Could you reproduce, exactly and alone, the lines running from the one with "this 2048×1536 image." to the end of the data below?

***** Task material *****

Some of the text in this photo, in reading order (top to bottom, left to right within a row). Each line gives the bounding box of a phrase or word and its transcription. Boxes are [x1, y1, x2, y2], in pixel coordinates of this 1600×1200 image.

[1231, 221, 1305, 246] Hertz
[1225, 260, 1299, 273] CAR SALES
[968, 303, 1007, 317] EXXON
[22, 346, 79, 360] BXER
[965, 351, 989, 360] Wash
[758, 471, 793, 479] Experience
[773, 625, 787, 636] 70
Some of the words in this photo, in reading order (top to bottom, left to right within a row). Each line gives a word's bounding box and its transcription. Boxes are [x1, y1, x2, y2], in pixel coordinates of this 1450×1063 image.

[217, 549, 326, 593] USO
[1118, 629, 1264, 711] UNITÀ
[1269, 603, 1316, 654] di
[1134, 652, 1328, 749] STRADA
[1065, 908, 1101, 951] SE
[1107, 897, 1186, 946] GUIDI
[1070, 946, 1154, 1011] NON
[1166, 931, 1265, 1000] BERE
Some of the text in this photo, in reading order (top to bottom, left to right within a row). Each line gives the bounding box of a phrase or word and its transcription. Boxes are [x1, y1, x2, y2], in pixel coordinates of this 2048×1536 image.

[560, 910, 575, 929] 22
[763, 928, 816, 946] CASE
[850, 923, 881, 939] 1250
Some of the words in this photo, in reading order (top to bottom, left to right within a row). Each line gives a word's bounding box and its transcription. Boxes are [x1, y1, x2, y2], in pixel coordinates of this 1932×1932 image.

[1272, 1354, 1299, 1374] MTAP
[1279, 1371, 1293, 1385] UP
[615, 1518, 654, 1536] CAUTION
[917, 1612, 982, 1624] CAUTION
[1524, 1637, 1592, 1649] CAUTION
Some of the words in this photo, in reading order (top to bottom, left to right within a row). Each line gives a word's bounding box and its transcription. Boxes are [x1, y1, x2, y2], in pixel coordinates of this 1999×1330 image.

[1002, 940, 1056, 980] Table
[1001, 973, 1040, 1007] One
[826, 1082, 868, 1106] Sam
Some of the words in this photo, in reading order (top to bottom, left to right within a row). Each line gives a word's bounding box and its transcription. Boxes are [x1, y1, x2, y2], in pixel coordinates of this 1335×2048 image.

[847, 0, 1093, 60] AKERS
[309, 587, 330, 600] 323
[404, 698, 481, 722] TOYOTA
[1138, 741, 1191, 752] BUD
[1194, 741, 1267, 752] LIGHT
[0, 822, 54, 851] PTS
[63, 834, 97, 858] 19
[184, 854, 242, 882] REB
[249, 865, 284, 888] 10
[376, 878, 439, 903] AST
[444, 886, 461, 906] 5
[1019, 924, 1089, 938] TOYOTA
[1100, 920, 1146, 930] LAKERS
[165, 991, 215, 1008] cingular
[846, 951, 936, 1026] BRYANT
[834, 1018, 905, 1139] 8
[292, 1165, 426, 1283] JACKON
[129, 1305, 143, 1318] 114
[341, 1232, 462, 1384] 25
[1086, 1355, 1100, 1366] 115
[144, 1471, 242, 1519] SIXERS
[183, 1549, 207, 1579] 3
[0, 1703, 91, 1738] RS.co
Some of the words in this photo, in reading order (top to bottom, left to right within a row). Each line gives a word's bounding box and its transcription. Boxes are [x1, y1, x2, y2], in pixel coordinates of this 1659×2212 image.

*****

**Output**
Some of the text in this photo, in reading order (top to bottom, left to right within a row). Each line gives the bounding box of a phrase or word and its transcription. Boxes are [x1, y1, x2, y2], in pixel coordinates of this 2048×1536 image.

[560, 910, 575, 929] 22
[763, 928, 816, 946] CASE
[850, 923, 881, 939] 1250
Some of the words in this photo, in reading order (top to bottom, left to right within a row). Each line gives a word's bounding box and its transcription. Boxes are [x1, y1, x2, y2], in pixel coordinates of this 1932×1932 image.

[1272, 1354, 1299, 1374] MTAP
[1279, 1371, 1293, 1385] UP
[615, 1518, 654, 1536] CAUTION
[917, 1612, 982, 1624] CAUTION
[1524, 1637, 1592, 1649] CAUTION
Some of the words in this photo, in reading order (top to bottom, left to right within a row). Each line gives a word's bounding box and its transcription. Boxes are [x1, y1, x2, y2], in pixel coordinates of this 1999×1330 image.

[1002, 940, 1056, 980] Table
[1001, 973, 1040, 1007] One
[826, 1082, 868, 1106] Sam
Some of the words in this photo, in reading order (top to bottom, left to right within a row). Each line gives a word's bounding box and its transcription. Boxes are [x1, y1, x2, y2], in pixel coordinates of this 1335×2048 image.

[847, 0, 1093, 60] AKERS
[309, 587, 330, 600] 323
[404, 698, 481, 722] TOYOTA
[1138, 741, 1191, 752] BUD
[1194, 741, 1267, 752] LIGHT
[0, 822, 54, 851] PTS
[63, 834, 97, 858] 19
[184, 854, 242, 882] REB
[249, 865, 284, 888] 10
[376, 878, 439, 903] AST
[444, 886, 461, 906] 5
[1019, 924, 1089, 938] TOYOTA
[1100, 920, 1146, 930] LAKERS
[165, 991, 215, 1008] cingular
[846, 951, 936, 1026] BRYANT
[834, 1018, 905, 1139] 8
[292, 1165, 426, 1283] JACKON
[129, 1305, 143, 1318] 114
[341, 1232, 462, 1384] 25
[1086, 1355, 1100, 1366] 115
[144, 1471, 242, 1519] SIXERS
[183, 1549, 207, 1579] 3
[0, 1703, 91, 1738] RS.co
Some of the words in this photo, in reading order (top to bottom, left to right within a row). Each line gives a word's bounding box and its transcription. Boxes are [x1, y1, x2, y2], in pixel coordinates of this 1659×2212 image.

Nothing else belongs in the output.